Increased expression of ApoE and protection from amyloid-beta toxicity in transmitochondrial cybrids with haplogroup K mtDNA

Mitochondrial (mt) DNA haplogroups, defined by specific single nucleotide polymorphism (SNP) patterns, represent populations of diverse geographic origins and have been associated with increased risk or protection of many diseases. The H haplogroup is the most common European haplogroup while the K haplogroup is highly associated with the Ashkenazi Jewish population. Transmitochondrial cybrids (cell lines with identical nuclei, but mtDNA from either H (n = 8) or K (n = 8) subjects) were analyzed by the Seahorse flux analyzer, quantitative polymerase chain reaction (Q-PCR) and immunohistochemistry (IHC). Cybrids were treated with amyloid-β peptides and cell viabilities were measured. Other cybrids were demethylated with 5-aza-2'-deoxycytidine (5-aza-dC) and expression levels for APOE and NFkB2 were measured. Results show K cybrids have (a) significantly lower mtDNA copy numbers, (b) higher expression levels for MT-DNA encoded genes critical for oxidative phosphorylation, (c) lower Spare Respiratory Capacity, (d) increased expression of inhibitors of the complement pathway and important inflammasome-related genes; and (e) significantly higher levels of APOE transcription that were independent of methylation status.
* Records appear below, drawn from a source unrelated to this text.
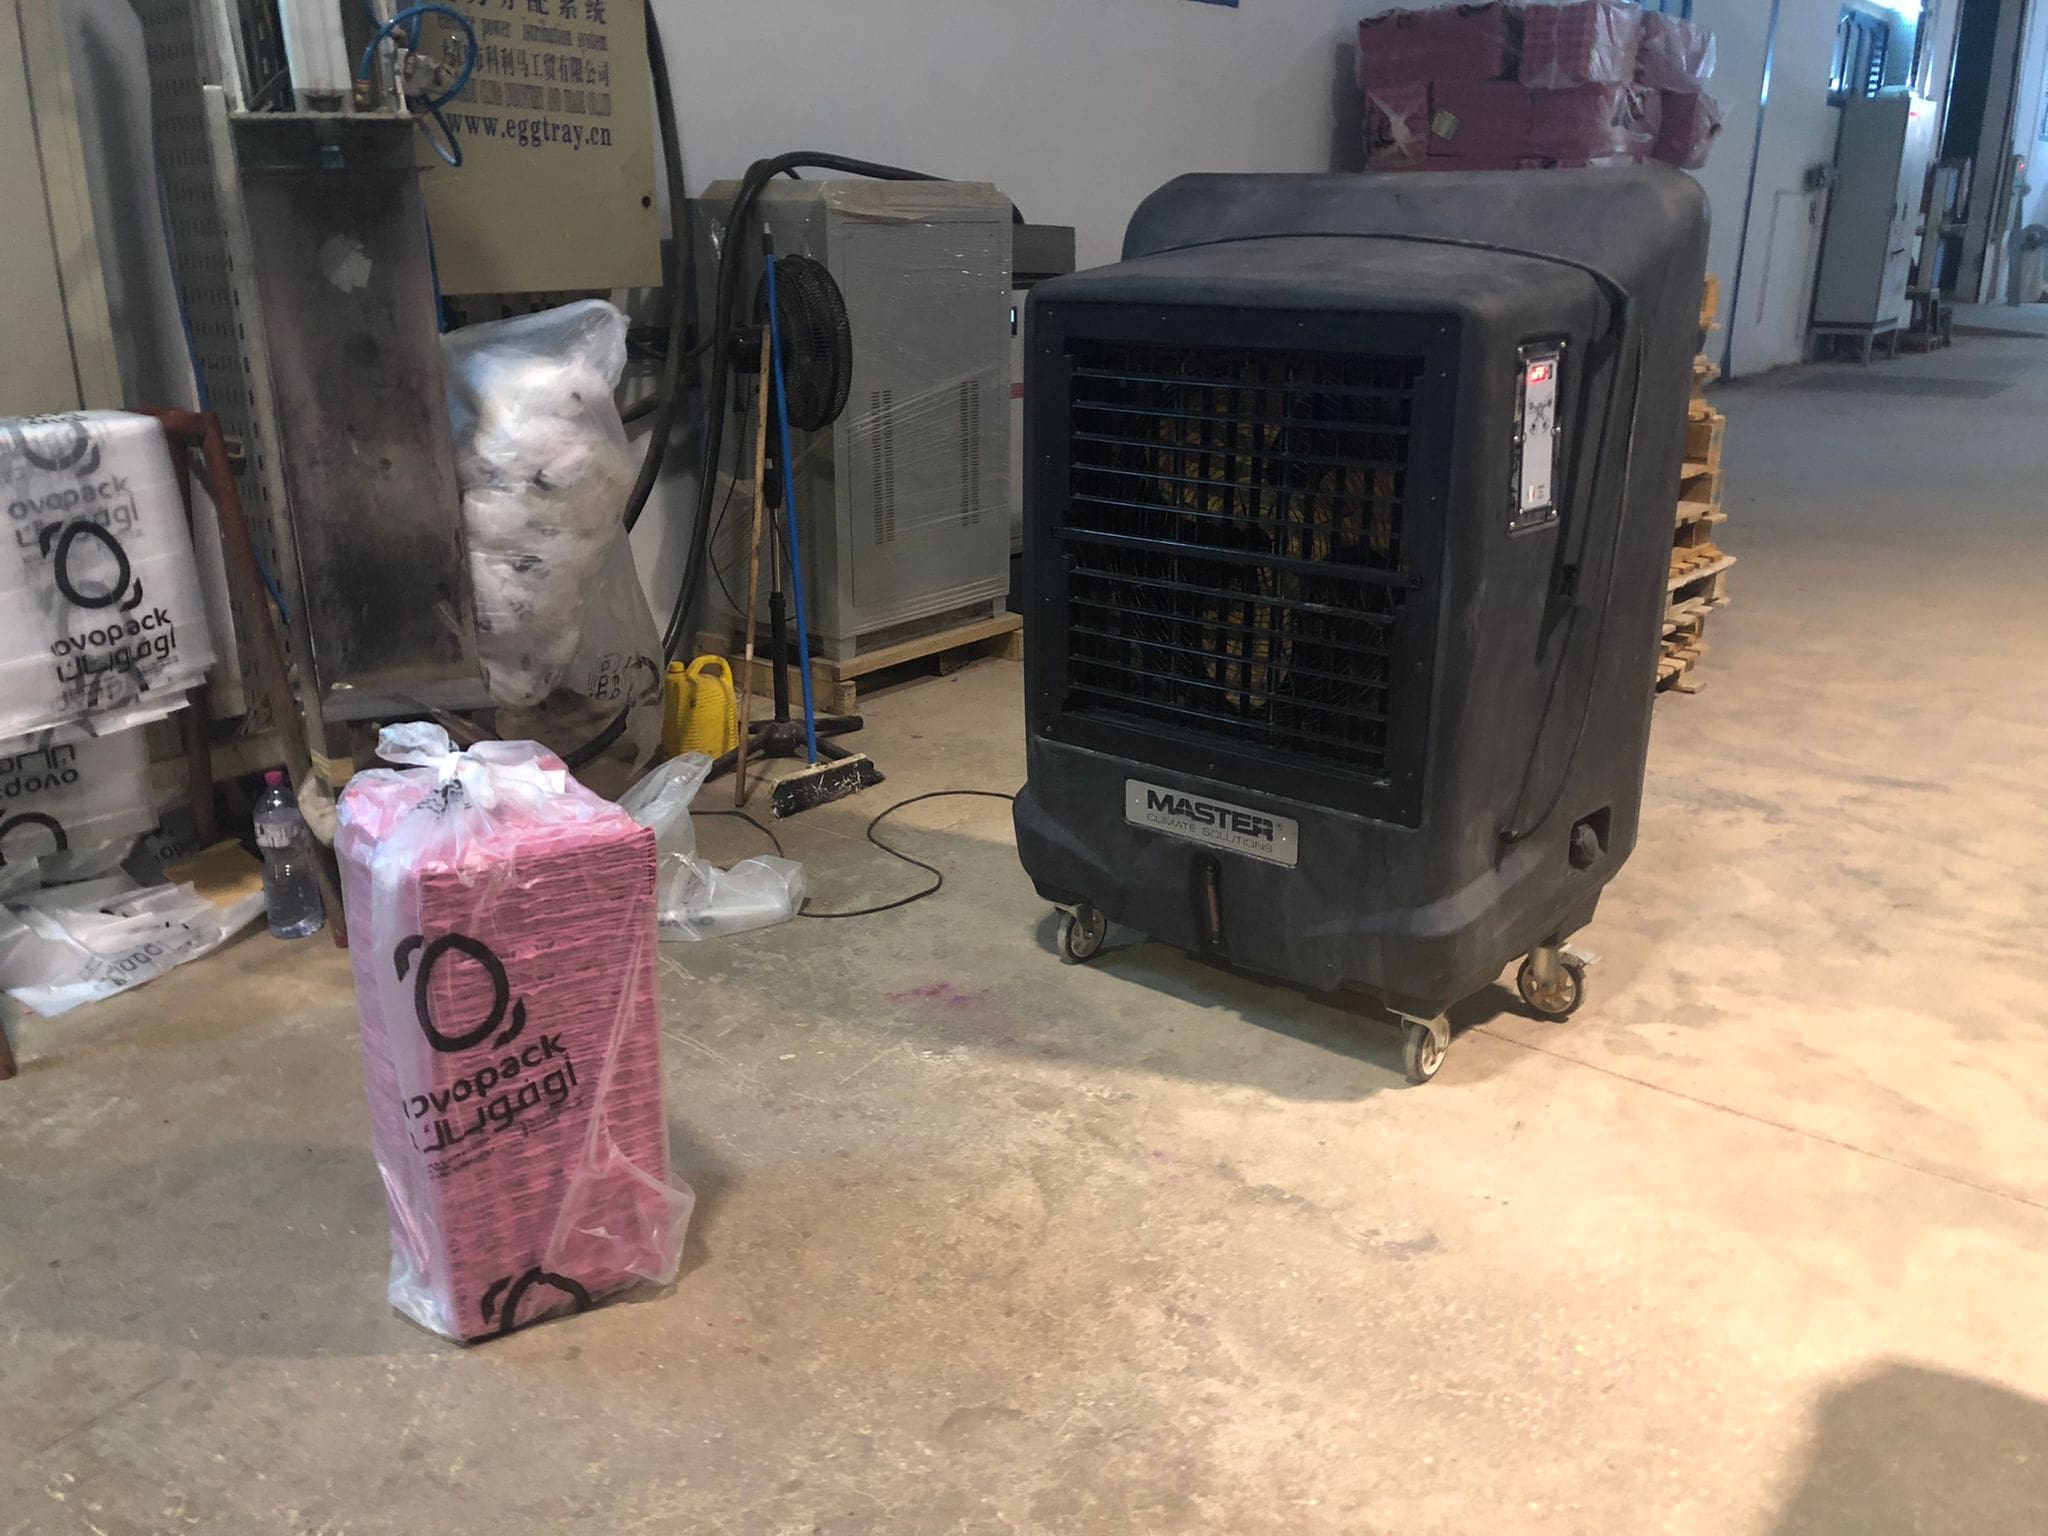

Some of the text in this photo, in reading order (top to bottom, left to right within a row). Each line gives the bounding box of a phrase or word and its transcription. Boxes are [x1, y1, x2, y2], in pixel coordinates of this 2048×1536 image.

[446, 113, 612, 150] www.eggtray.cn
[51, 608, 171, 656] ovopack
[1147, 789, 1273, 842] MASTER
[1147, 812, 1273, 853] CLIMATE SOLUTIONS
[403, 1032, 567, 1120] ovopack
After exposure to amyloid-β_1-42 peptides (active form), H haplogroup cybrids demonstrated decreased cell viability compared to those treated with amyloid-β_42-1 (inactive form) (p < 0.0001), while this was not observed in the K cybrids (p = 0.2). K cybrids had significantly higher total global methylation levels and differences in expression levels for two acetylation genes and four methylation genes. Demethylation with 5-aza-dC altered expression levels for NFkB2, while APOE transcription patterns were unchanged. Our findings support the hypothesis that mtDNA-nuclear retrograde signaling may mediate expression levels of APOE, a key factor in many age-related diseases. Future studies will focus on identification of the mitochondrial-nuclear retrograde signaling mechanism(s) contributing to these mtDNA-mediated differences.